Fort Nisqually in Point Defiance Park will soon be the site of construction activity. Metro Parks Commission approved a contract for $1.18 million with Serpanok Construction to build two structures at the fort during its Oct. 8 meeting. The local firm has worked on the bathhouse project in Wapato Park.

Prior to putting the project out to bid, Metro Parks staff set a maximum cost of $1.2 million. Much of the funding comes from the 2005 bond measure passed by local voters. A grant from the state, Capital Projects for Washington's Heritage, is providing $350,000.

Melissa McGinnis, historic and cultural resource manager for Metro Parks, said the origin of this project goes back to a bond measure passed in 1986. It funded a master plan for Fort Nisqually. Among its findings was a need for a new interpretive center.

"That has been the driving force of this project," McGinnis commented.

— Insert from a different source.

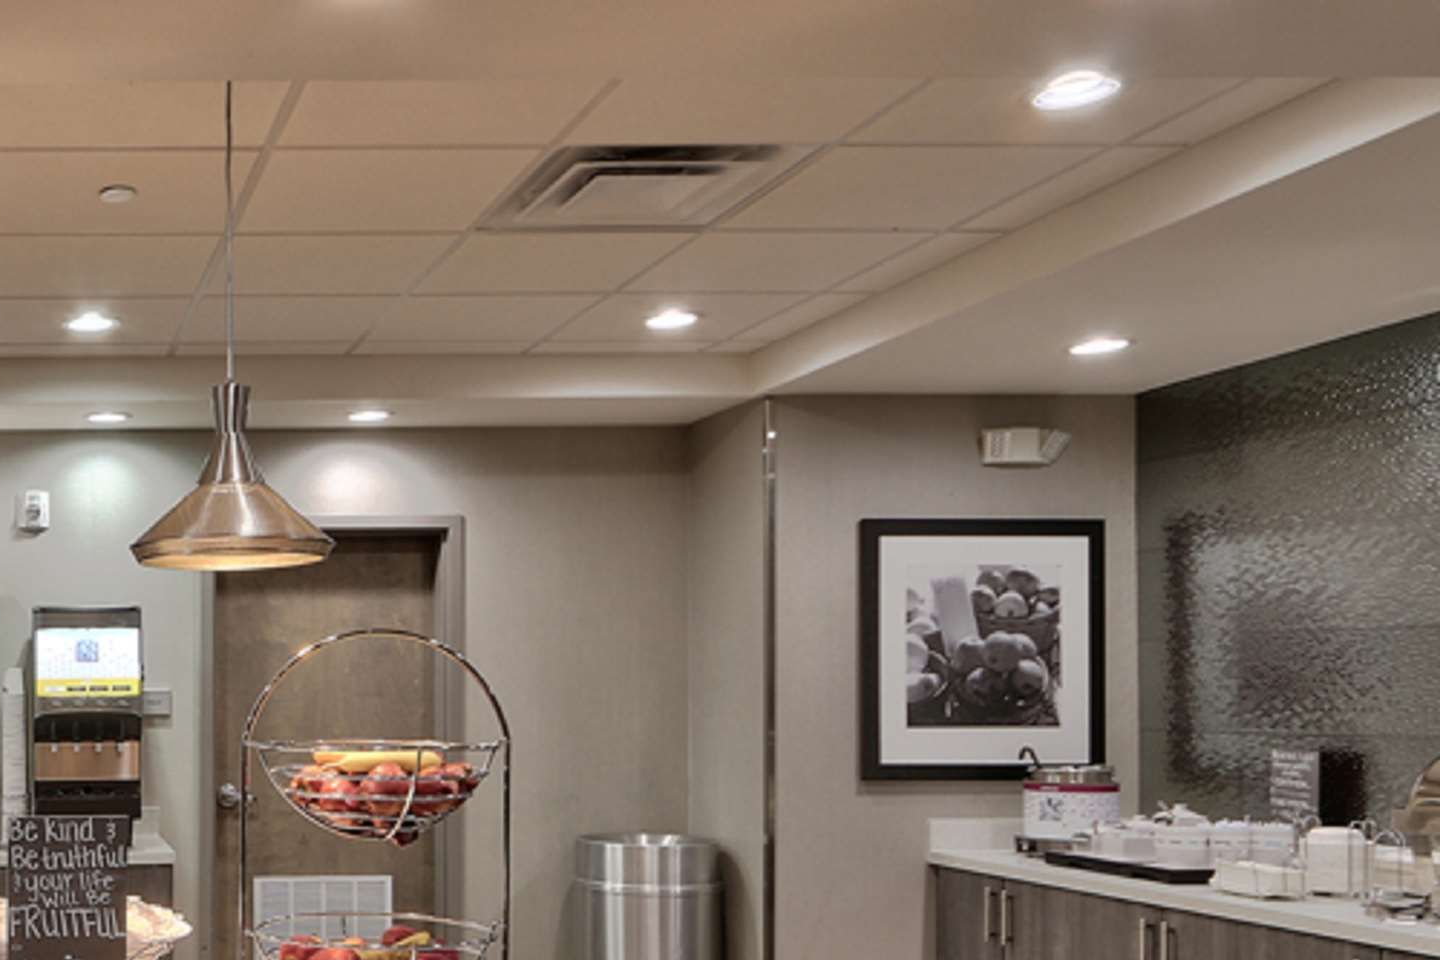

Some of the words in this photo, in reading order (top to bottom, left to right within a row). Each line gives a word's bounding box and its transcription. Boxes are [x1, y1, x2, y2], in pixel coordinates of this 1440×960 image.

The project will have two new buildings that will resemble two built in the 1850s.

One is the men's dwelling house, which served as a dormitory for employees. The new structure will have an exhibit, museum gift shop and an area to watch videos about the fort.

The other will be the store, which was similar to a warehouse. Fort workers used it to store supplies, including furs from the Northwest awaiting shipment to England. The new building will have two stories. The first floor will have an education component, and space for storing artifacts. The second floor will contain offices and a research library.

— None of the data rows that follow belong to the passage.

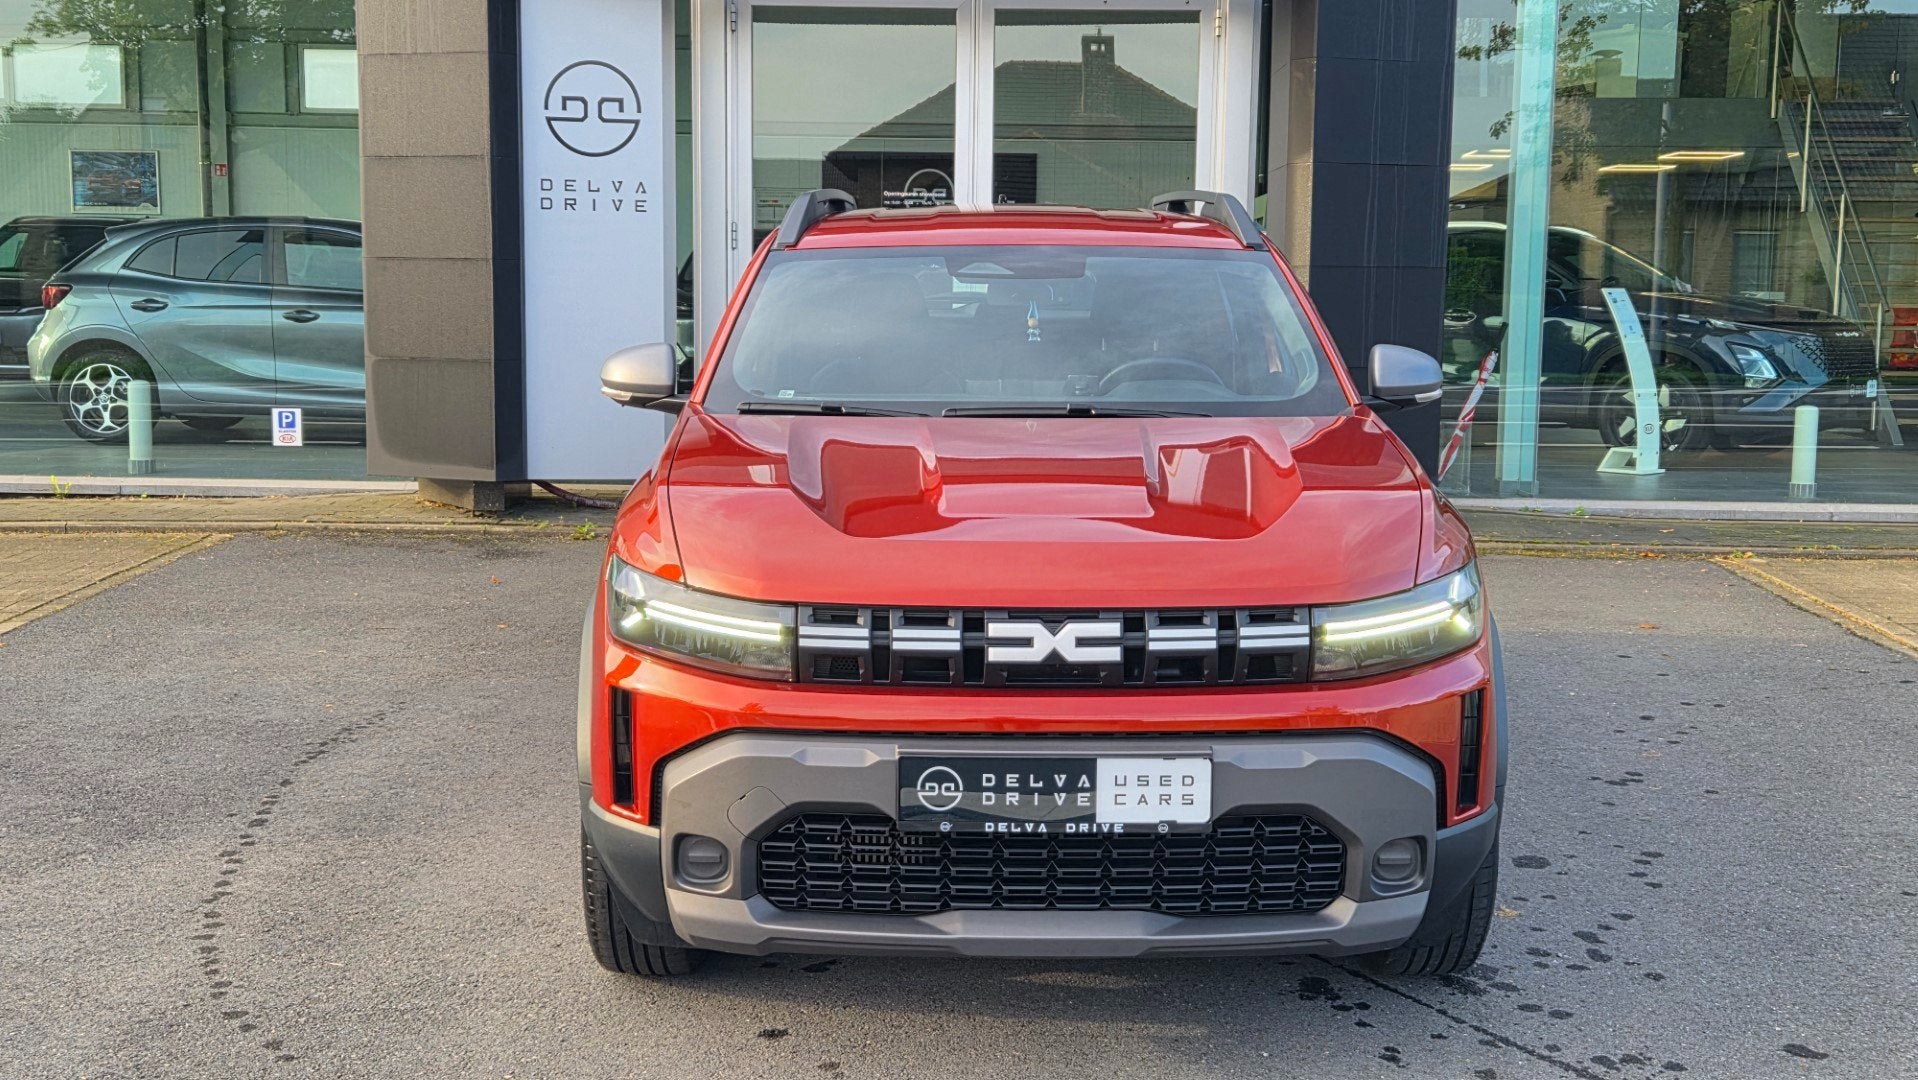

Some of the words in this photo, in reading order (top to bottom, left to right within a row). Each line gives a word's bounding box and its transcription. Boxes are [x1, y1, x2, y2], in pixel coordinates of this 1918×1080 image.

[540, 178, 647, 194] DELVA
[540, 197, 647, 212] DRIVE
[282, 412, 293, 428] P
[982, 773, 1090, 788] DELVA
[1114, 775, 1194, 787] USED
[982, 792, 1090, 806] DRIVE
[1114, 794, 1194, 806] CARS
[985, 822, 1047, 832] DELVA
[1066, 823, 1124, 833] DRIVE

McGinnis said Curator Bill Rhind and Education Curator Mike McGuire did considerable research in planning the new buildings. They examined sketches and paintings of the original structures. "They were constantly pouring through all the documentation we could find," McGinnis remarked.

Tacoma Fire Department issued requirements for fire protection before the project could proceed. This will take the form of what is called a bladder, essentially a large pouch of water inside a hut. A pipe from the bladder will connect to a fire hydrant in another section of the park. There will be a pump to maintain water pressure. McGinnis said this was needed because Fort Nisqually is at the highest elevation in the park, and thus has low water pressure in the current system of water pipes.

A groundbreaking is scheduled for Nov. 10, the same day as Fort Nisqually's annual Arts of the Fur Trade event.